Bayer Ag

Discussion in 'Stocks' started by aresky, May 28, 2008.

  1. aresky


    Bayer is shifting to the next phase of its development. The recent past has been dominated by the
    integration of Schering and more recently by group-wide cost cutting. This process has been
    accelerated somewhat in order to help mitigate the effects of the weak dollar. In 2008E,
    restructuring will continue to be a driver of EPS growth. Looking further out, we believe it will be
    the development of the Pharma portfolio that will play an increasing role in the value of the
    shares. Portfolio change may also be a key driver given the synergies available from potential
    healthcare consolidation, the low metrics accorded to pharma at present and the high valuation of
    crop science assets. Furthermore, cash generation is likely to be very strong and without portfolio
    change, the company could end 2010 with net debt of €2bn. This strong position would mean
    acquisition firepower could be up to €20bn to finance external growth (depending on the cashflow
    of any acquired asset).
    With regard to organic growth prospects, there are three key points to note: 1) Bayer has a notable
    patent challenge to its Yasmin franchise. Nonetheless, the overall generic risk is among the
    lowest of all the large European pharma names over the next five years. This will help sustain
    EBIT. 2) The R&D pipeline is starting to mature. On a risk-adjusted base, we see the products
    currently in PII that are planned to move into PIII over the next 18 months together with the PIII
    portfolio as worth about €15 per share. If Bayer’s development success proves to be in line with
    the average, there is scope for a re-rating over this period. 3) Crop Science is booming at present
    and this is likely also to be a significant contributor to incremental EPS growth.

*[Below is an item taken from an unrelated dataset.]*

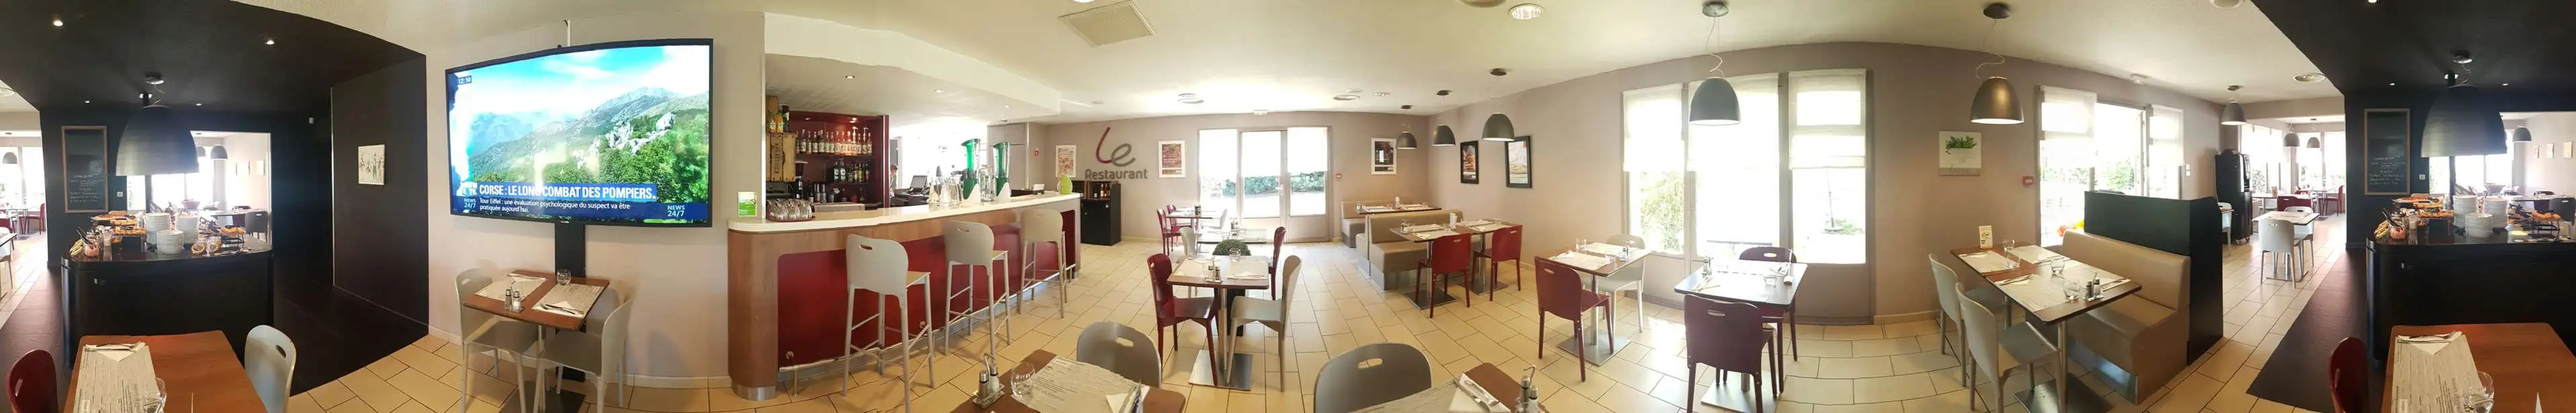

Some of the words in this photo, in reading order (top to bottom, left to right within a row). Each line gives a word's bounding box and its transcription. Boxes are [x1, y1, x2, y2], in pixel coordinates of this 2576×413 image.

    The modest valuation metrics, solid EPS growth
    and strong cashflow offer an attractive base. Should Bayer be able to develop
    the potential of its pipeline in line with the pharma industry average, we believe
    there is scope for sustained mid-term outperformance.

    Valuation – Price Target Increased to €65

    We believe fair value, based on a range of metrics, is somewhat over €70 per
    share. This value tries to take into account the cyclicality of Materials, the
    Pharma pipeline and the robust growth we believe Crop Science will deliver in
    the medium term. Given the risks attached to the group and the uncertainties
    surrounding drug development, we have set the price target at about a 10%
    discount to our view of its fair value.